#### About this task:
The reply is to be the lines from the one with "this 1280×1280 image." through the last line of the records below, each retyped exactly, with pictures left out.

#### Data for processing:
■ ■ ■ ■ ■ ■ ■
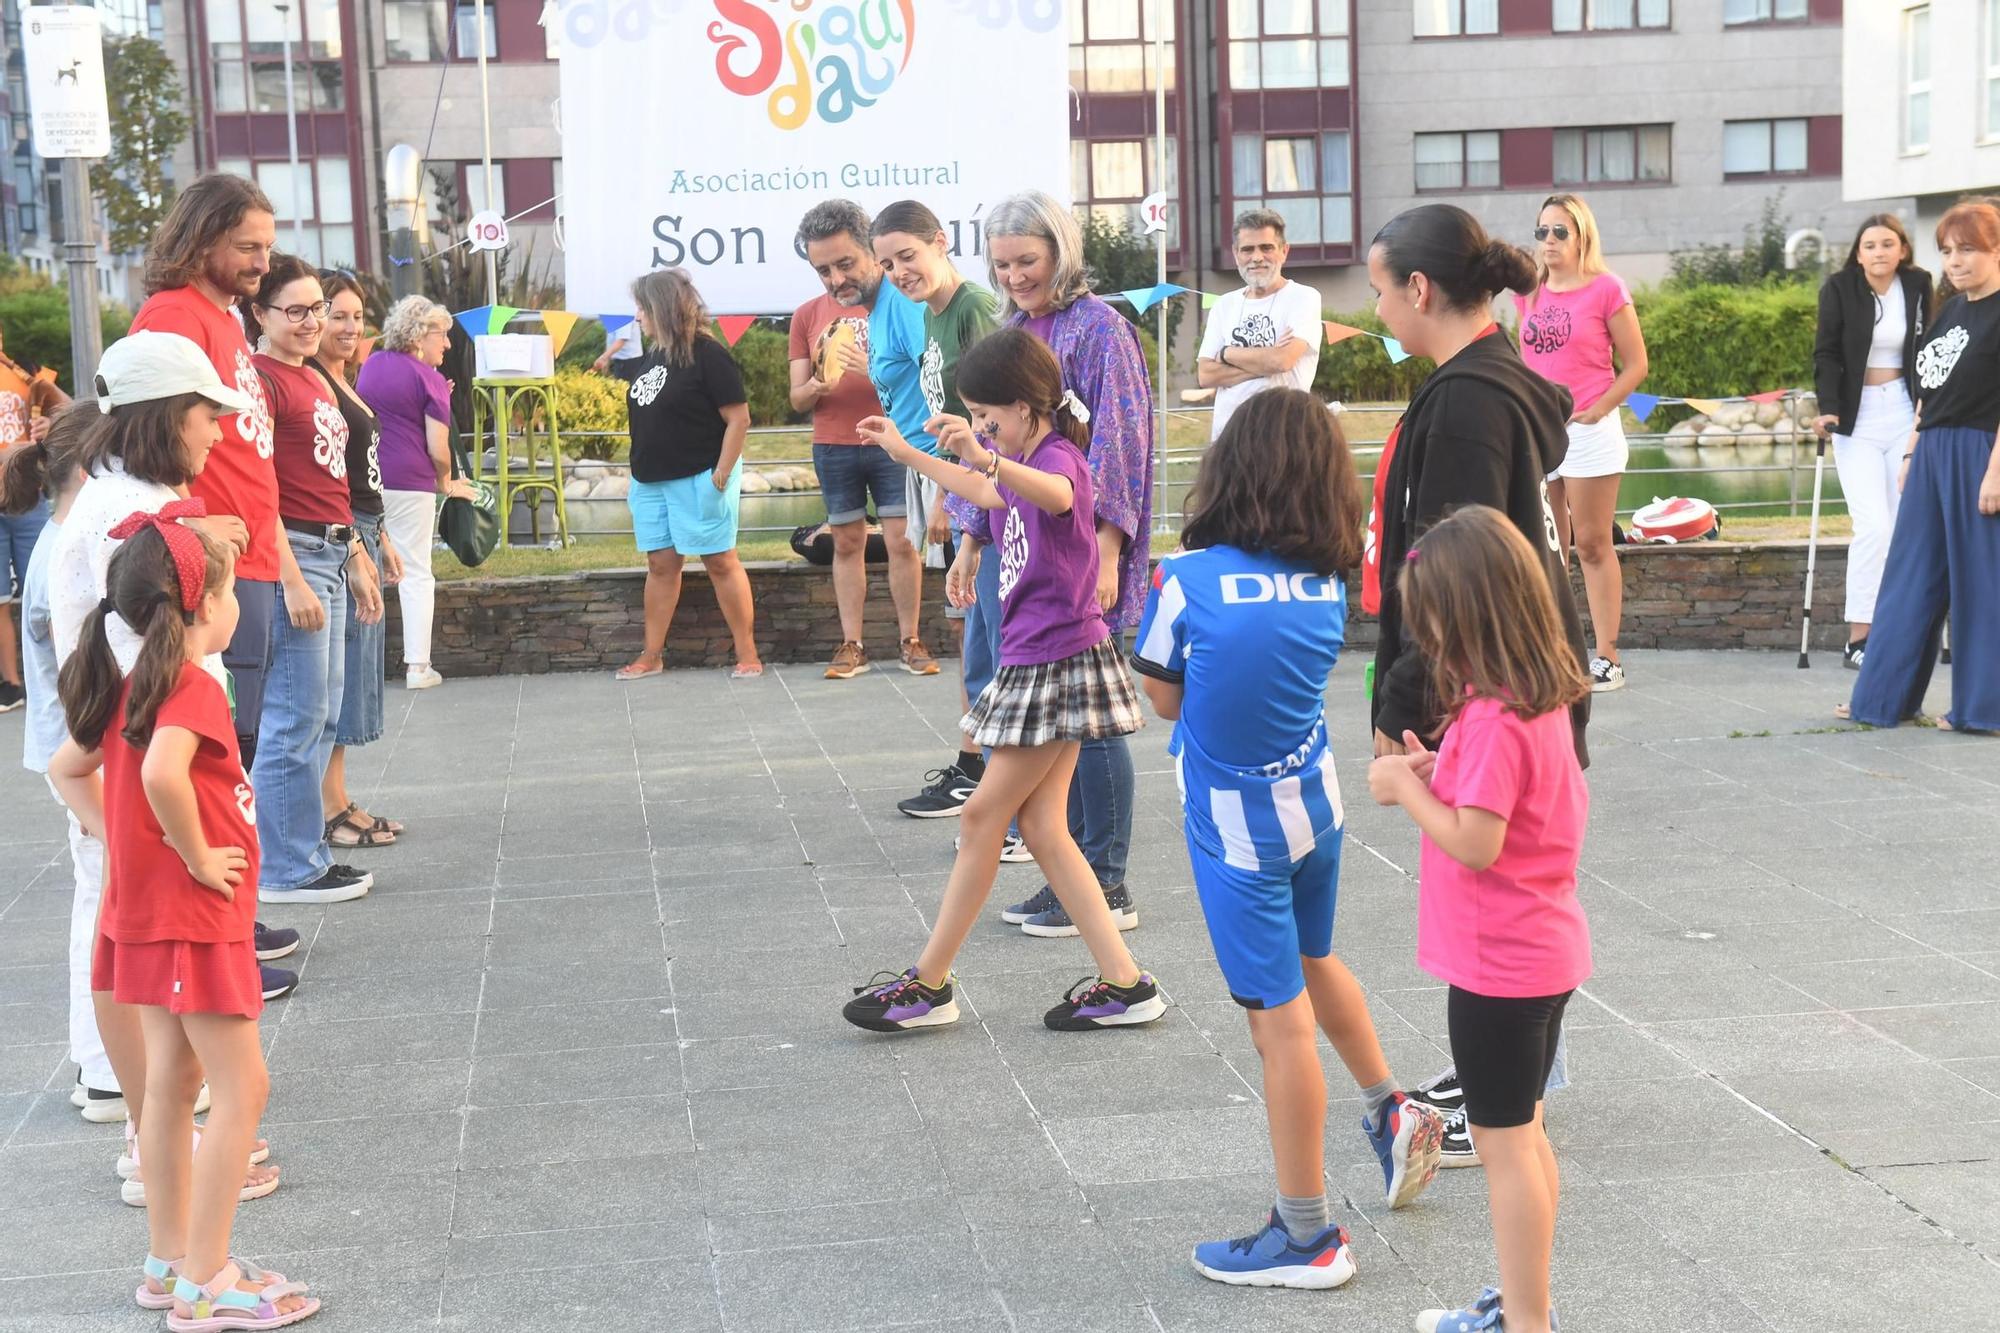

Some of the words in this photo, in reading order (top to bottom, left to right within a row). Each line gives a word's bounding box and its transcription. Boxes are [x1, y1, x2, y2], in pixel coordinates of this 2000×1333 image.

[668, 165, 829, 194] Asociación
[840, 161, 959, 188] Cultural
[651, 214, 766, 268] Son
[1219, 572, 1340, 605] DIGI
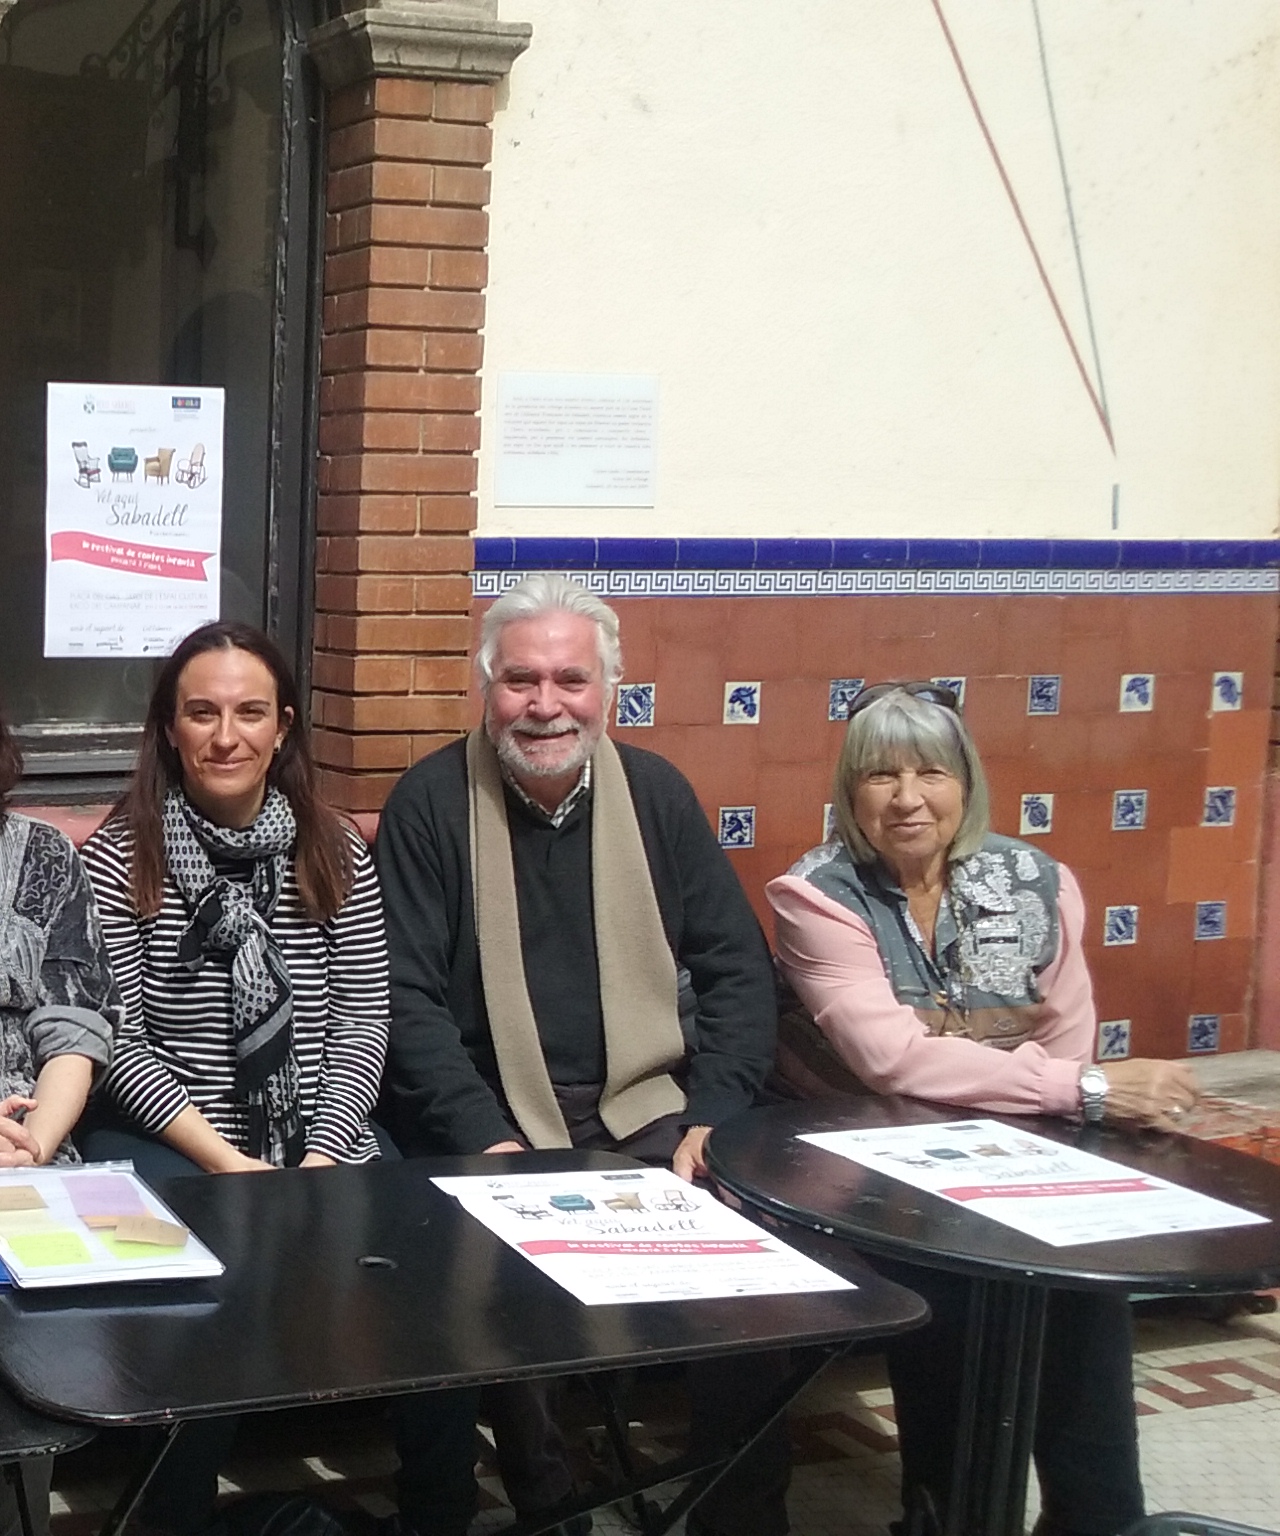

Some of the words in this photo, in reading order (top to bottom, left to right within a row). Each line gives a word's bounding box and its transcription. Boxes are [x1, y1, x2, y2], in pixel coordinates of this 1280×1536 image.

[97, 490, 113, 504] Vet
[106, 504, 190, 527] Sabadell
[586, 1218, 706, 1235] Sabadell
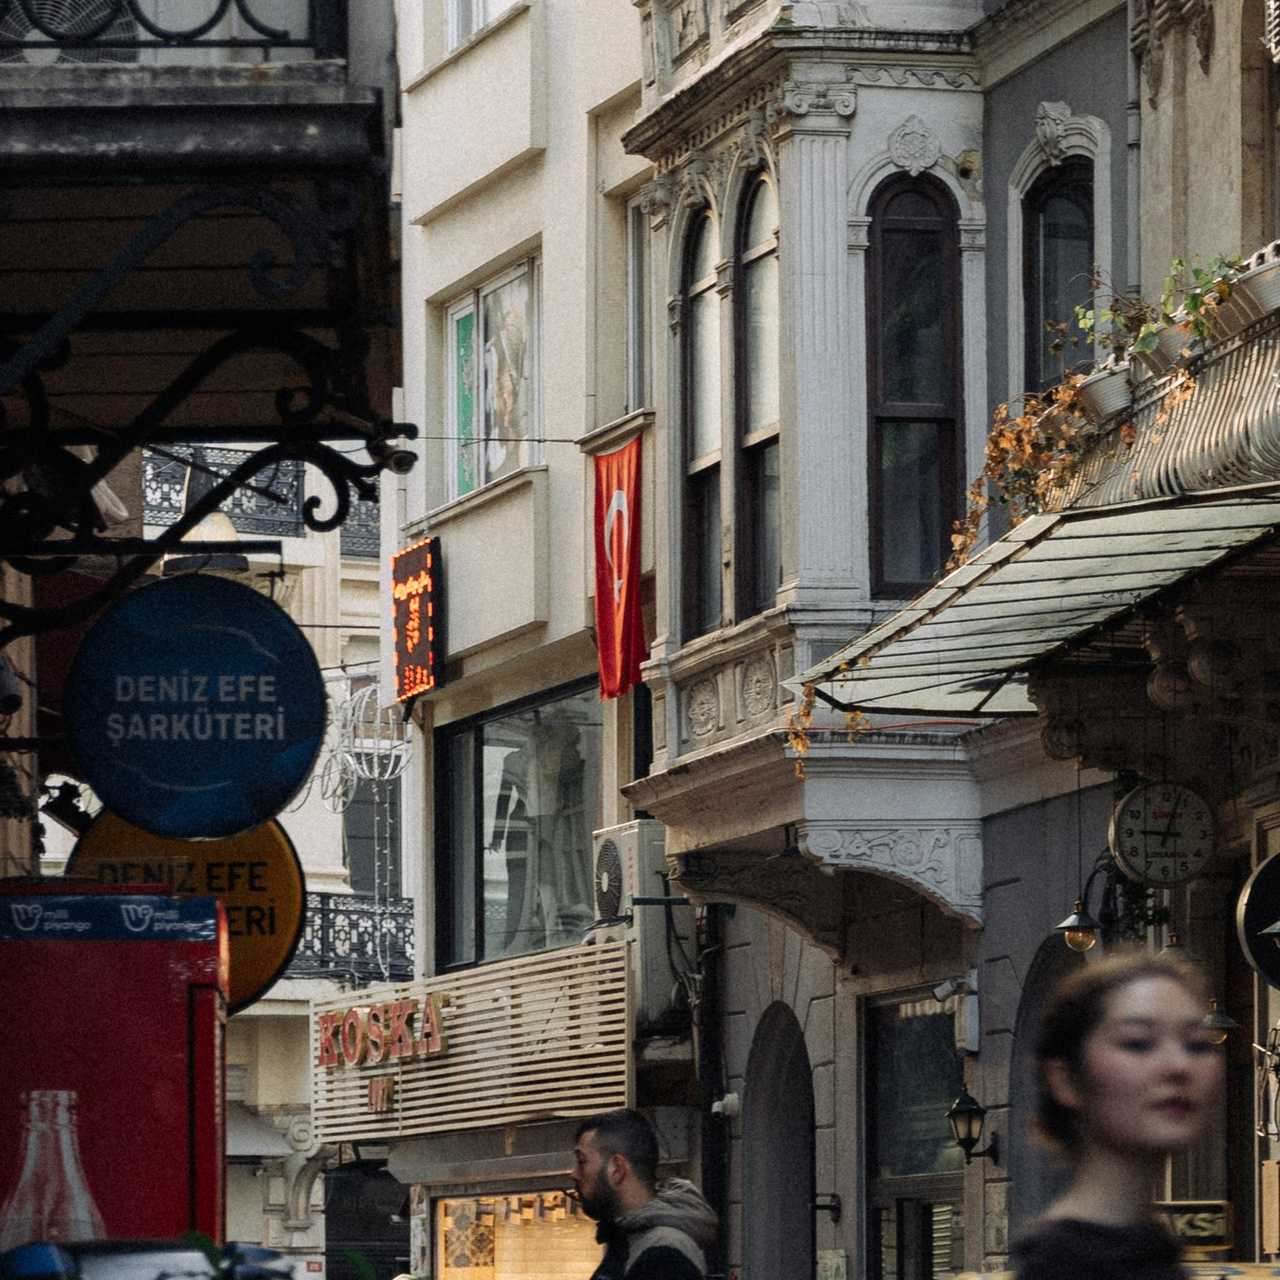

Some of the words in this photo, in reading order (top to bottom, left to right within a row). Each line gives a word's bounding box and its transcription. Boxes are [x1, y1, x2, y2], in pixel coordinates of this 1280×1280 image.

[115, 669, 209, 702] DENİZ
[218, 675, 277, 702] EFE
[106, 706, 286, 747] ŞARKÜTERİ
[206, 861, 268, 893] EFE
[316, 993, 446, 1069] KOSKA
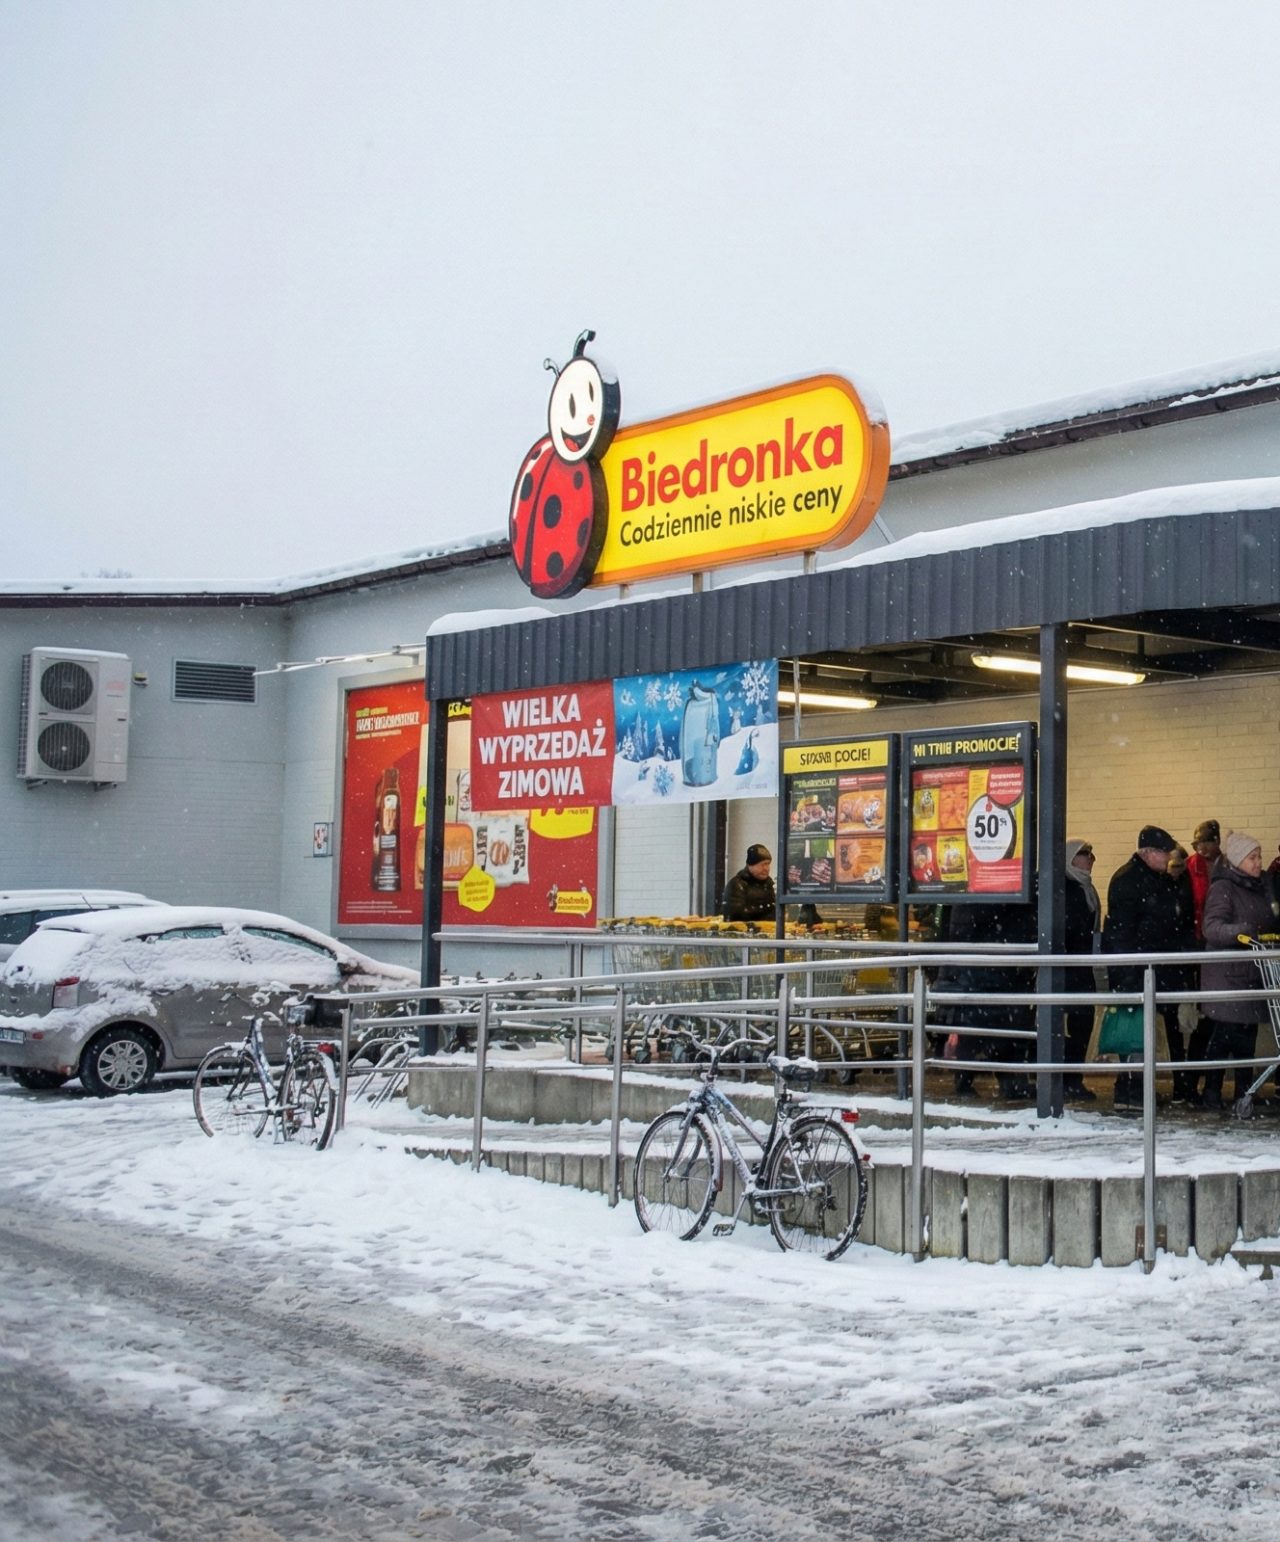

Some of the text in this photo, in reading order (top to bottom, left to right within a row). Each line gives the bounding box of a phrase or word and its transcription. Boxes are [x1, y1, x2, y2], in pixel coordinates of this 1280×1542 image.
■ ■ ■ ■ ■ ■ ■
#### Answer:
Some of the words in this photo, in reading order (top to bottom, left to right within a row). Each line gives a word's bounding box and its transcription. Boxes are [x1, y1, x2, y2], in pixel coordinates of this 1280×1280 image.

[115, 669, 209, 702] DENİZ
[218, 675, 277, 702] EFE
[106, 706, 286, 747] ŞARKÜTERİ
[206, 861, 268, 893] EFE
[316, 993, 446, 1069] KOSKA

Some of the text in this photo, in reading order (top to bottom, left to right within a row). Each line gives the bounding box of a phrase or word and its transcription. Boxes are [x1, y1, x2, y2], in pixel coordinates of this 1280×1542 image.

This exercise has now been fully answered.